Physicists do experimental and developmental work in areas such as electronics, medicine, engineering, the environment, energy, nuclear physics, manufacturing and information technology.
You could be:
applying the principles of physics to practical problems in engineering, including nuclear energy and alternative energy, or manufacturing
developing lighter, stronger and safer aircraft and satellites
researching alternative sources of energy such as solar, wind and wave power
working in medical diagnosis and treatment, using and developing equipment for x-rays, ultrasound and other scanning devices, or radiation, laser and other treatments
working in electronics, computer science and communications, developing new technology in areas such as mobile technology and ICT networks
identifying problems in discussion with colleagues, other professionals or business clients
analysing the problem and selecting a suitable scientific way to solve it
doing any necessary research and experiments using a range of instruments and equipment and computational modelling
presenting results in a range of forms such as written or oral reports, charts, graphs or computer models.
The figures below are only a guide. Actual pay rates may vary, depending on:
where you work
the size of the company or organisation you work for
the demand for the job.
Physicists in the private sector can earn from around £25,000 a year to start, rising up to around £50,000 a year with a number of years' experience.
The starting salaries for physicists in postdoctoral research posts are normally in the range £30,000 to £45,000 a year. University lecturers including senior lecturers can earn up to £52,000 a year. More senior research and teaching staff can earn over £70,000 a year.
Trainee medical physics technician working in the NHS start on Band 6, £37,831 to £46,100 a year. As an HCPC registered medical physicist you would be on Band 7, £46,244 to £53,789 a year. With experience, in senior positions, this can rise to Band 9, £111,595 to £116,428 a year. The current pay scales are from April 2023.
Depending on the type of work you do, you would work in a laboratory, factory, hospital or office.
Hours vary depending on the type of work, but are generally Monday to Friday. You may have to be flexible for some types of work including working shifts, and weekends.
You may have to wear a lab coat or other protective clothing such as gloves or a face mask.
You may have to work with potentially dangerous materials.
You may need to attend scientific conferences and meetings, which might involve some travel.
Degree courses in Physics (SCQF Level 10-11) last 4 or 5 years depending on whether you study for a BSc Hons, MPhys or MSci. For entry you usually need 4-5 good Highers, including Maths and Physics plus National 5 English.
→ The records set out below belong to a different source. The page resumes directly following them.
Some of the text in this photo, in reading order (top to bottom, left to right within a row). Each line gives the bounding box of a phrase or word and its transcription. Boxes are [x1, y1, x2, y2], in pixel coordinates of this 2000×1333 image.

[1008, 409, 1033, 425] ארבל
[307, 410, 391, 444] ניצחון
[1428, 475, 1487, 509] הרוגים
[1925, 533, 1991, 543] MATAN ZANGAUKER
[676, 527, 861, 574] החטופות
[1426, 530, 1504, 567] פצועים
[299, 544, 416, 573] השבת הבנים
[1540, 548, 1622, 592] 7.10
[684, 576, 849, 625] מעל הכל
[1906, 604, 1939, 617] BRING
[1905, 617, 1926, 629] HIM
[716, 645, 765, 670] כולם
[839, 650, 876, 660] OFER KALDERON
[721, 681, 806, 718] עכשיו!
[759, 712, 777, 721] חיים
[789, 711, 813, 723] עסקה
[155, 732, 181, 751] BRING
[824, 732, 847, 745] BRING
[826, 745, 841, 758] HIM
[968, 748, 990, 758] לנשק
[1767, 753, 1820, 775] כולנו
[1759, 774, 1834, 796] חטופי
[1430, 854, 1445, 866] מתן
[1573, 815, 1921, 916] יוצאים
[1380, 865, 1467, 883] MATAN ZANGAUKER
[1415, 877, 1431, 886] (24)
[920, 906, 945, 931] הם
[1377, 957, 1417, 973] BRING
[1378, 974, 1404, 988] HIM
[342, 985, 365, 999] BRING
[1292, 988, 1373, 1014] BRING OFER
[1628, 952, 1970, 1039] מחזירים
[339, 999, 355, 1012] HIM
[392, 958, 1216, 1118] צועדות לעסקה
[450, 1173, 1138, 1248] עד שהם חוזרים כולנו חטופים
Related degree subjects may be acceptable, depending on your intended area or work – entry qualifications are similar.
You might need a particular degree for some specialist areas of work – check the course content.
Some entrants have a postgraduate qualification in a specialist physics subject.
You could work in a wide range of careers – in various branches of engineering, defence, ICT, medical industry, manufacturing, optics, power generation, satellite design, transport, construction, meteorology, patent agency work, business teaching and finance. There is also a considerable demand for teachers in this area.